This example is only for MATLAB.
The next example is the version for Octave
%% A Histogram is useful for showing the spread of a data set and the frequencies of possible values.
% Examples are ages, blood pressure, home prices, incomes, etc.
% We begin by creating a vector, v4, of random values with a nominal mean and standard deviation:
v4_mean0 = 50;
v4_std0 = 8;
v4 = v4_mean0 + v4_std0*randn(1,100);
% Next we compute the actual mean and standard deviation of the created data vector:
v4_mean1 = mean(v4)
v4_std1 = std(v4)
figure
histogram(v4)
grid on;
% Display the mean and standard deviation in the title with 3 significant figures
title(['Histogram: mean= ',num2str(v4_mean1,3),', std.dev.= ',num2str(v4_std1,3)])
% The histogram's bin edges can be set to any custom values you want.
% This code creates a a set of bin edges from -4 standard deviations to +4 standard deviations, in increments of 1 standard deviation.
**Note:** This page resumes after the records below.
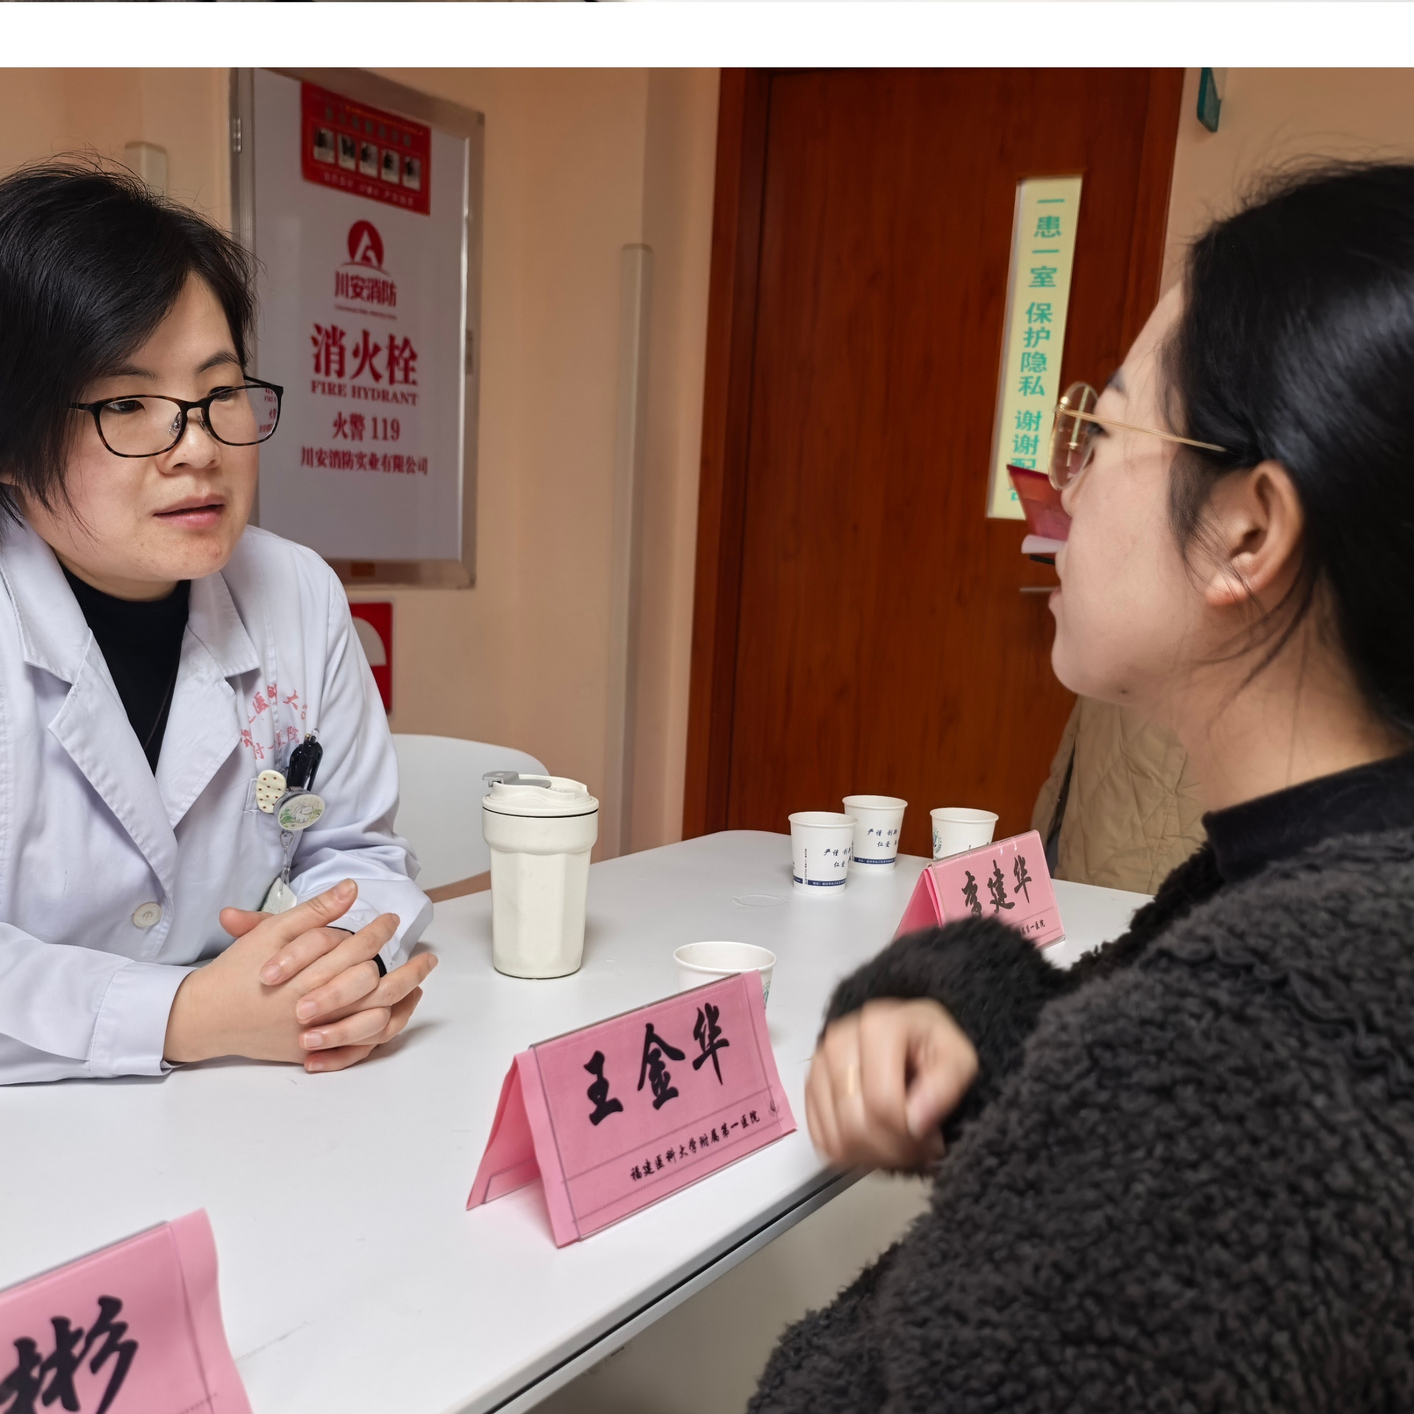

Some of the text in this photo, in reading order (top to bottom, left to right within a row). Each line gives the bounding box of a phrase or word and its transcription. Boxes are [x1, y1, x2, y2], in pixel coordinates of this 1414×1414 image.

[1028, 197, 1066, 289] 一患一室
[334, 270, 398, 308] 川安消防
[310, 322, 419, 387] 消火栓
[1017, 300, 1054, 398] 保护隐私
[311, 379, 419, 406] FIRE HYDRANT
[332, 411, 401, 442] 火警 119
[301, 446, 429, 476] 川安消防实业有限公司
[583, 1002, 730, 1126] 王金华
[630, 1109, 761, 1182] 福建医科大学附属第一医院
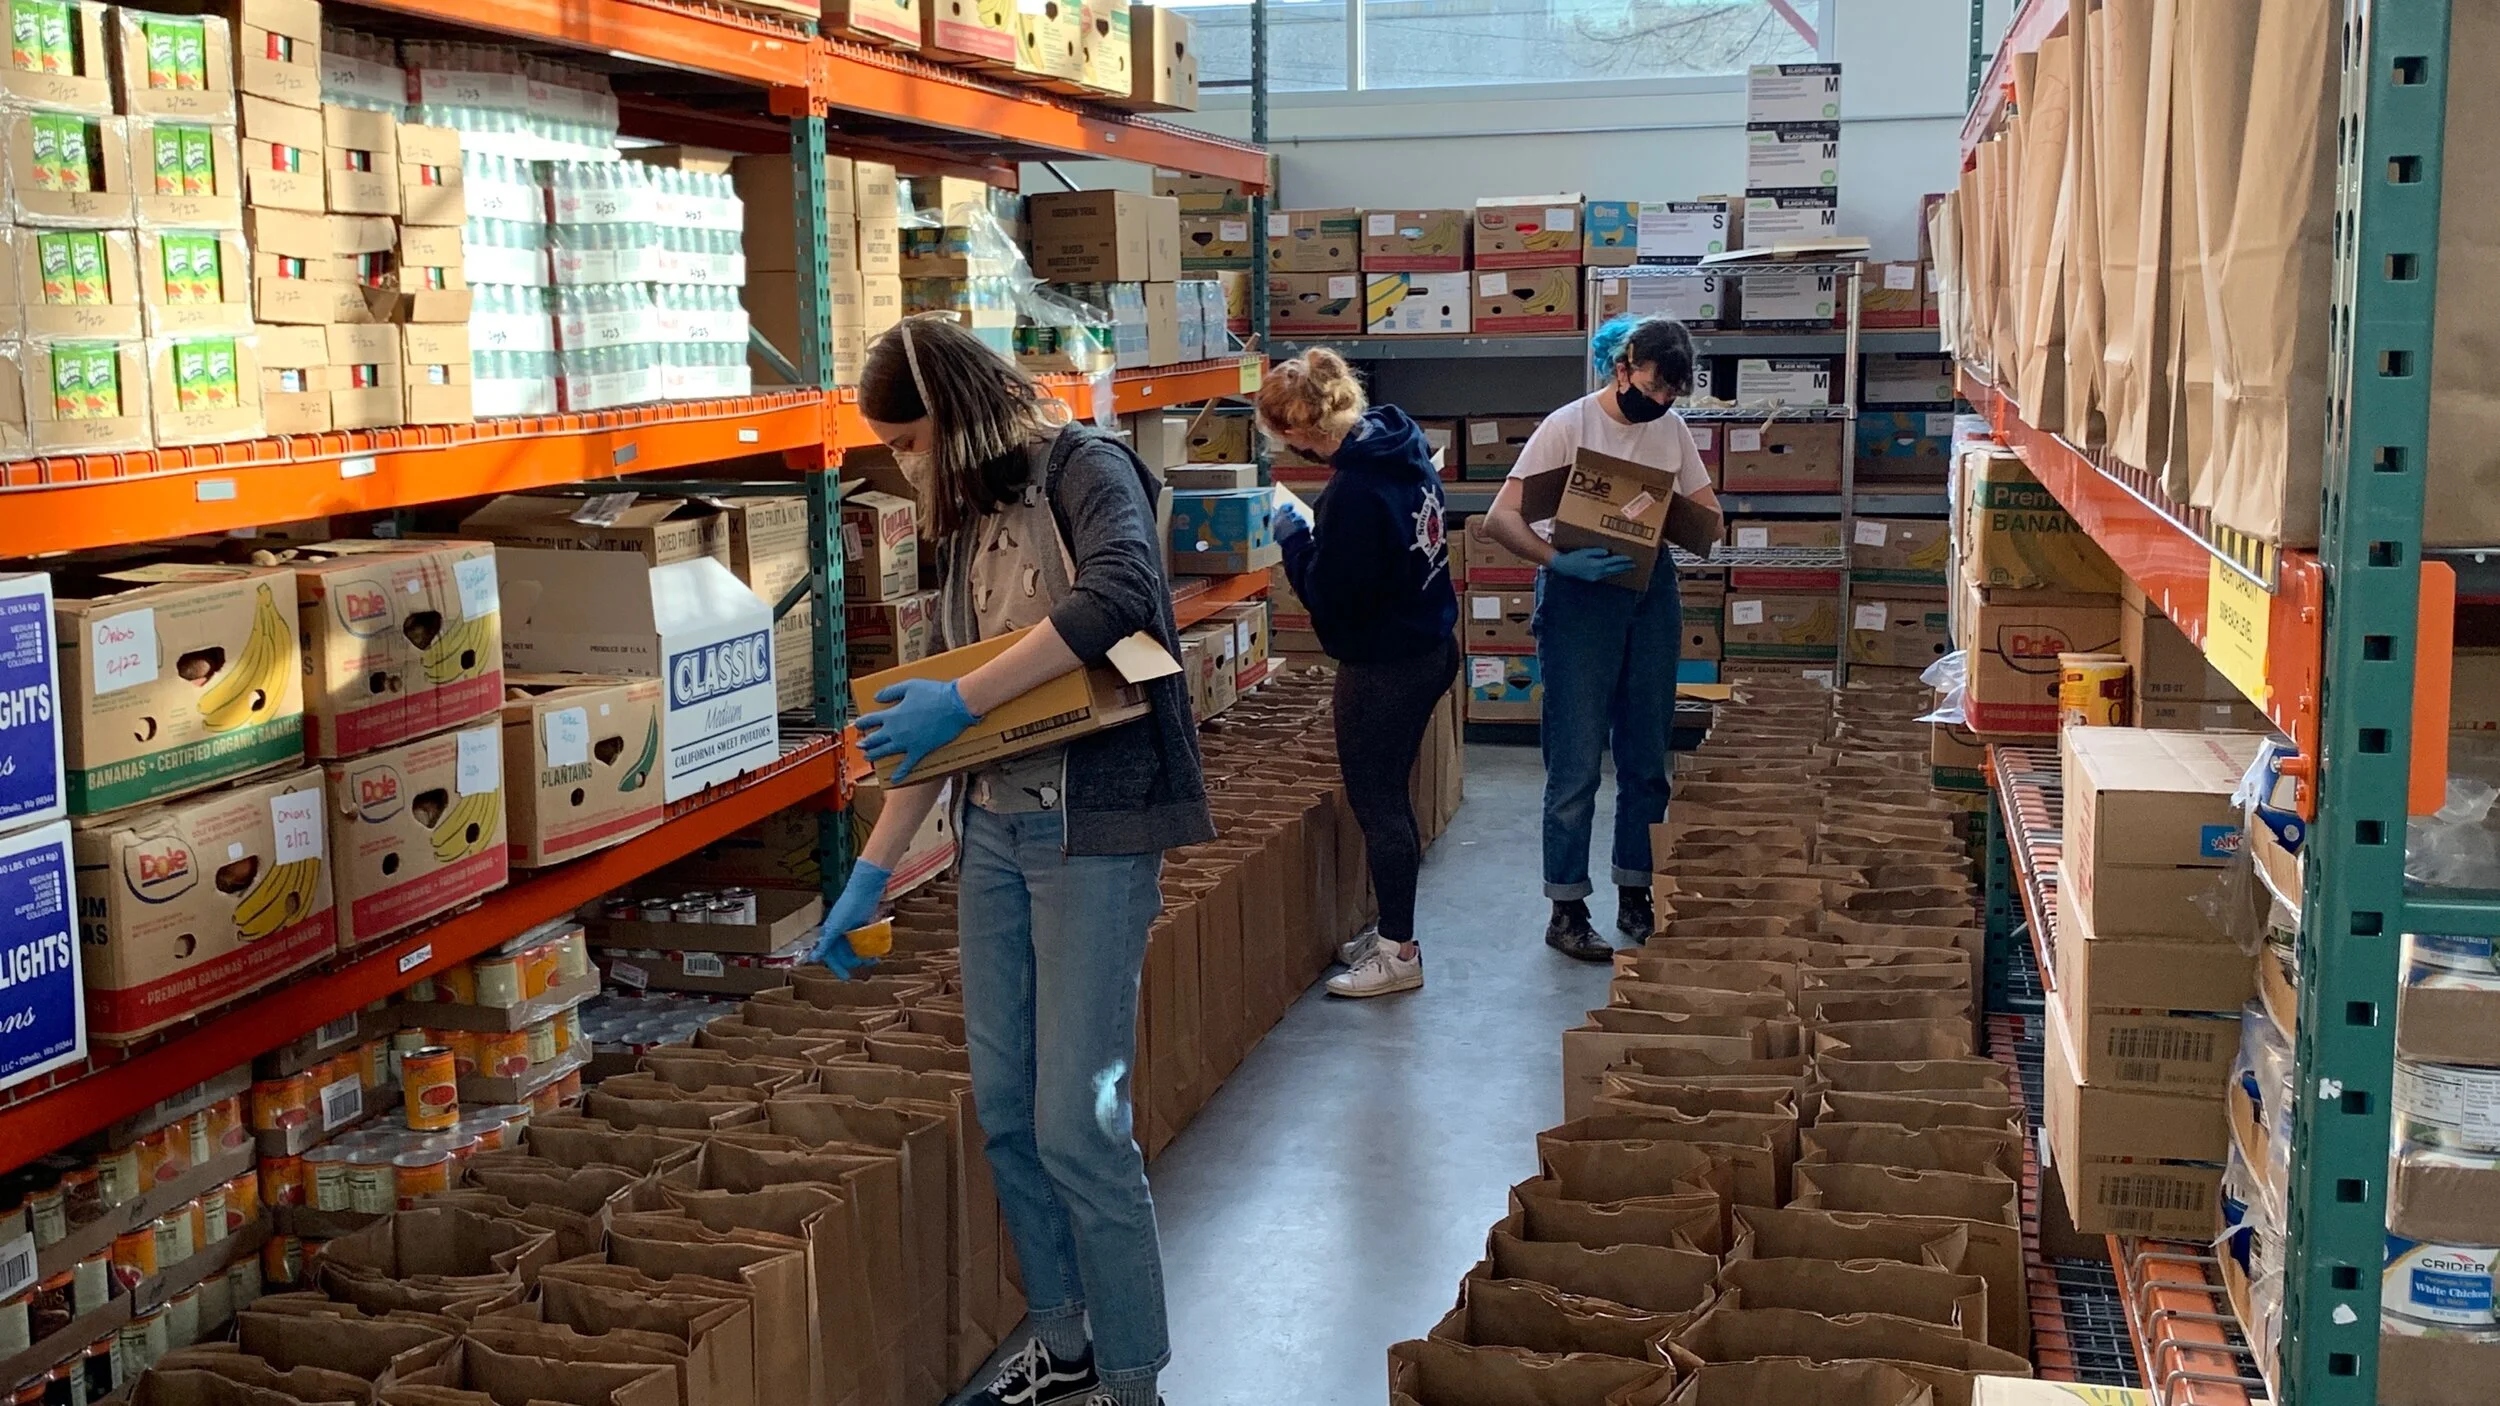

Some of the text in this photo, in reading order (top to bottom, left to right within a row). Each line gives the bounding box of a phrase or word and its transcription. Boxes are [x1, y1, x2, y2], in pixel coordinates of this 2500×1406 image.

[48, 81, 79, 100] 2/22
[275, 72, 303, 92] 2/22
[1825, 77, 1839, 93] M
[166, 95, 198, 112] 2/22
[1822, 143, 1836, 159] M
[270, 179, 296, 197] 2/22
[168, 202, 200, 217] 2/22
[1594, 205, 1619, 218] One
[1821, 210, 1835, 225] M
[1712, 214, 1723, 229] S
[1704, 277, 1714, 292] S
[1817, 276, 1832, 291] M
[75, 309, 104, 330] 2/22
[1697, 373, 1708, 388] S
[1813, 374, 1827, 388] M
[185, 414, 214, 430] 2/22
[1571, 471, 1612, 493] Dole
[766, 508, 780, 526] FRUIT
[657, 533, 677, 553] DRIED
[678, 528, 697, 549] FRUIT
[346, 591, 385, 618] Dole
[781, 616, 797, 633] FRUIT
[590, 645, 618, 653] PRODUCT
[2012, 634, 2064, 655] Dole
[106, 653, 141, 677] 2/22
[674, 633, 768, 705] CLASSIC
[1758, 666, 1791, 674] BANANAS
[705, 701, 742, 732] Medium
[1984, 709, 2027, 719] PREMIUM
[675, 724, 771, 768] CALIFORNIA SWEET POTATOES
[87, 760, 146, 791] BANANAS
[157, 742, 211, 773] CERTIFIED
[212, 728, 256, 757] ORGANIC
[542, 763, 593, 788] PLANTAINS
[361, 774, 397, 803] Dole
[138, 847, 188, 881] Dole
[147, 975, 197, 1006] PREMIUM
[198, 957, 243, 987] BANANAS
[2421, 1258, 2485, 1272] CRIDER
[2416, 1282, 2489, 1298] White Chicken
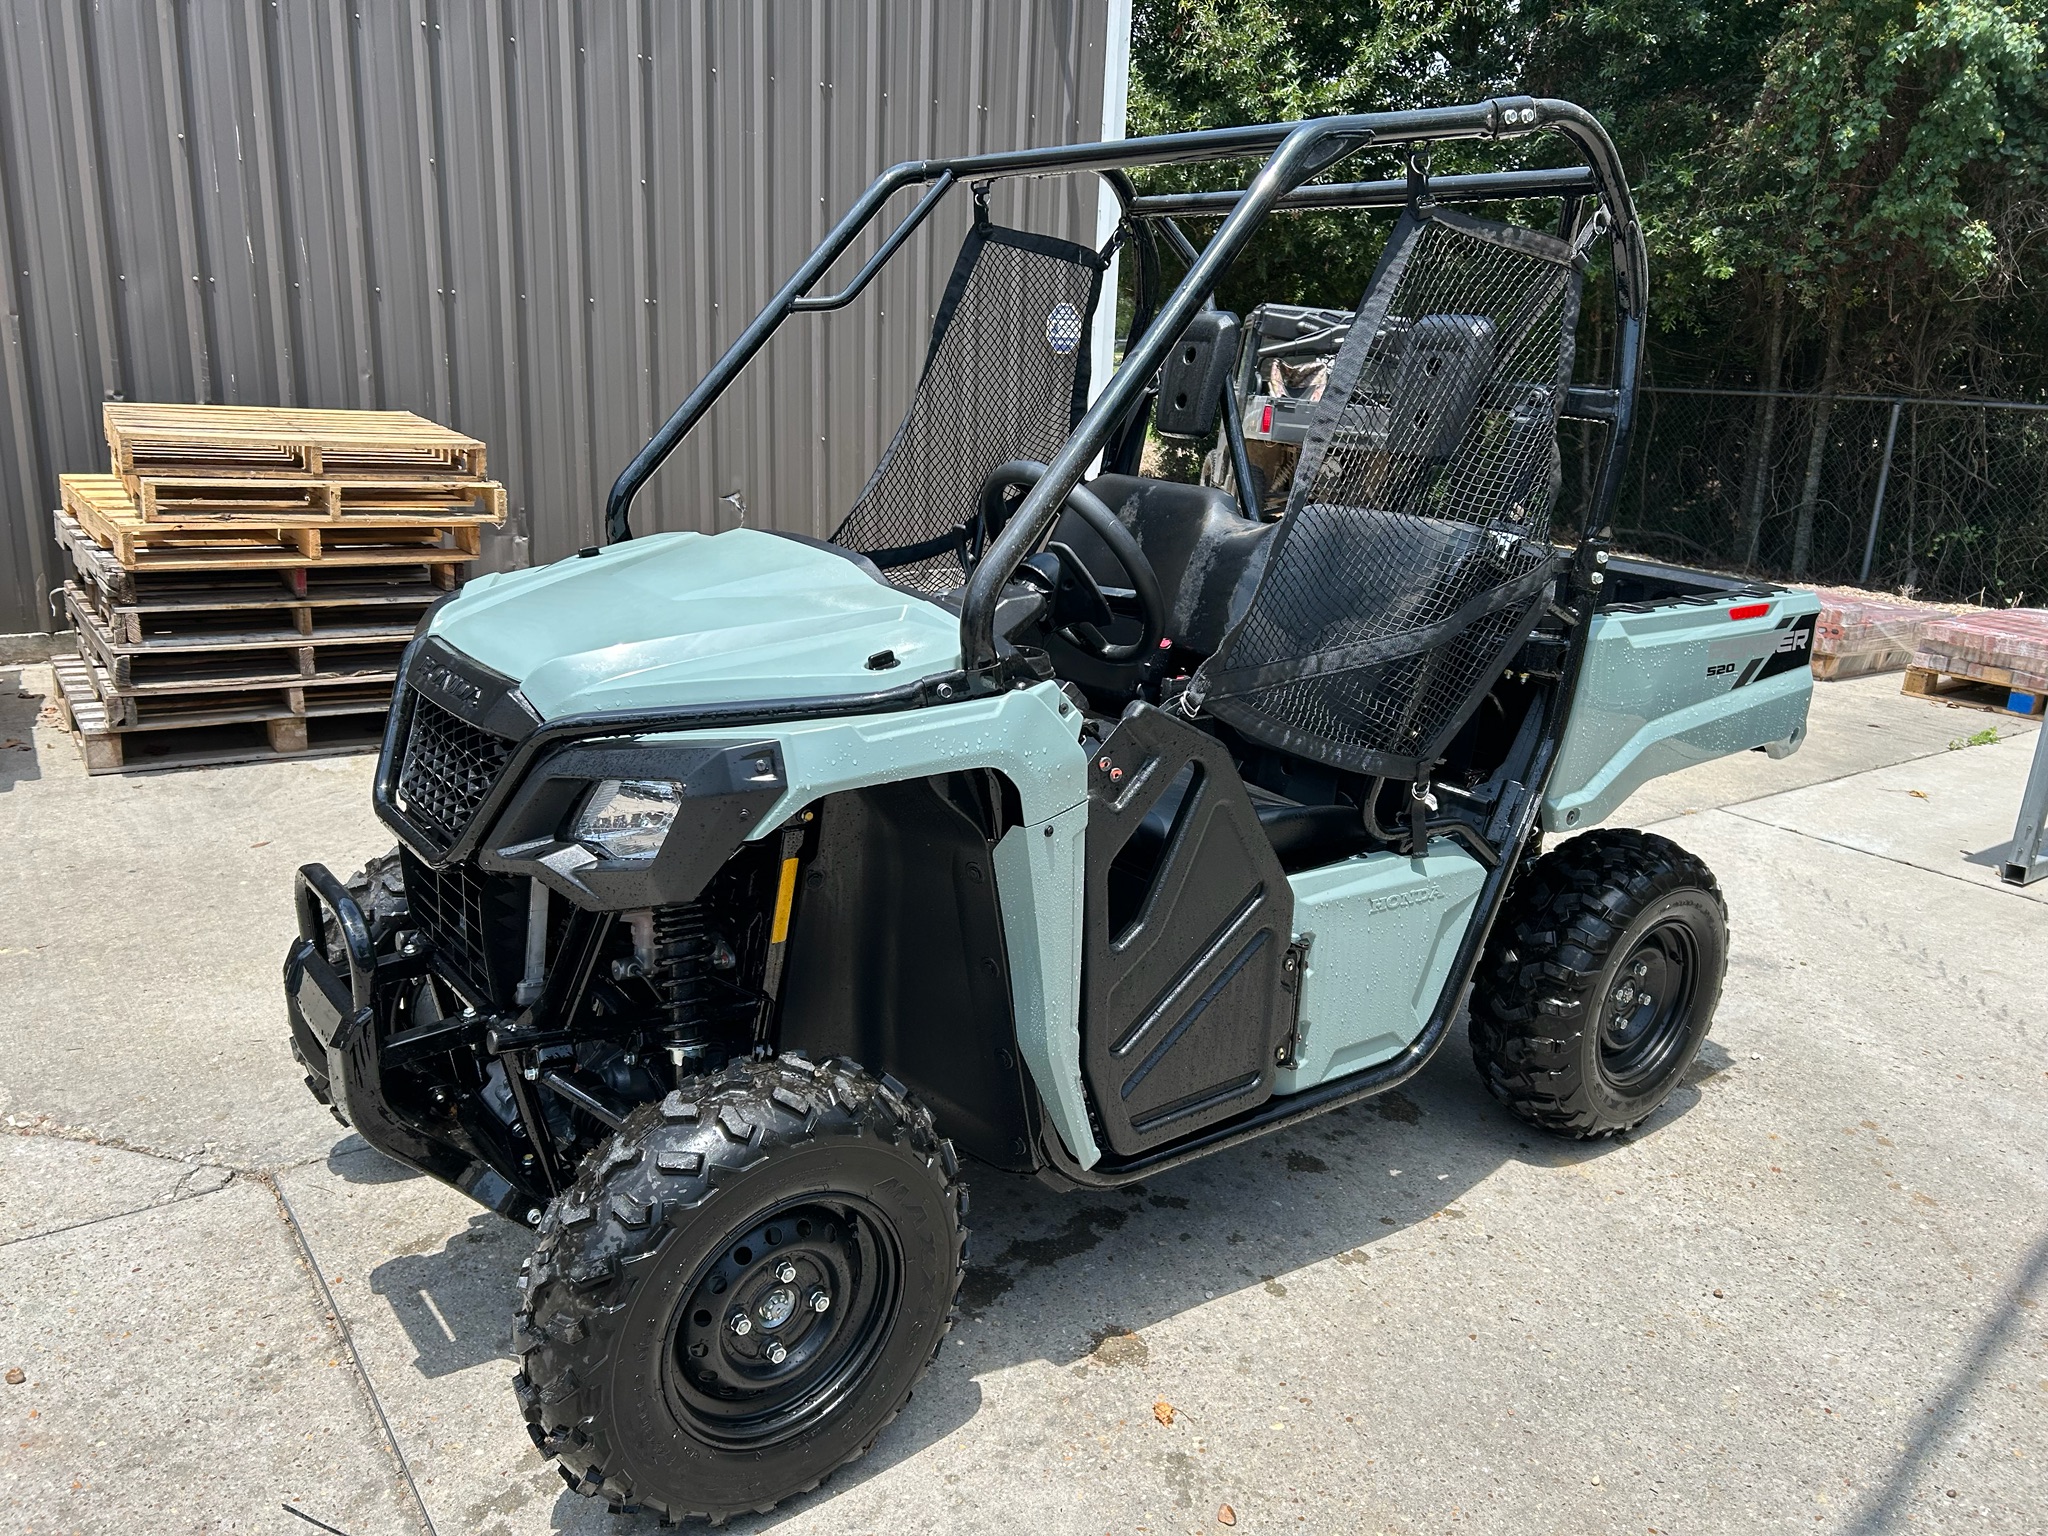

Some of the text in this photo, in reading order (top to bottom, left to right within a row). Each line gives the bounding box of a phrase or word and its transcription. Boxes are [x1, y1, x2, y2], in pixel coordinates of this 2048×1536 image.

h_edges = v4_std0*(-4:4) + v4_mean0
figure
histogram(v4, h_edges)
grid on;
title(['Histogram of v4 with custom bin edges, mean= ',num2str(v4_mean1,3),', std.dev.= ',num2str(v4_std1,3)])
% Displays the mean and standard deviation with 3 significant figures.
Solution
Add example text here.
.
This example is only for Octave.
%% For Octave, you need to load a graphics tool kit and use the older function hist(x):
graphics_toolkit("fltk") % Needed for Octave 7.2
v4_mean0 = 50;
v4_std0 = 8;
v4 = v4_mean0 + v4_std0*randn(1,100);
% Next we compute the actual mean and standard deviation of the created data vector:
v4_mean1 = mean(v4)
v4_std1 = std(v4)
%% For Octave use the older function hist():
figure
hist(v4)
grid on
% Display the mean and standard deviation in the title with 3 significant figures
title(['hist(): mean= ',num2str(v4_mean1,3),', std.dev.= ',num2str(v4_std1,3)])
%% The histogram's bin centers can be set to any custom values you want.
% This code creates a a set of bin centers from -3.5 standard deviations to +3.5 standard deviations, in increments of 1 standard deviation.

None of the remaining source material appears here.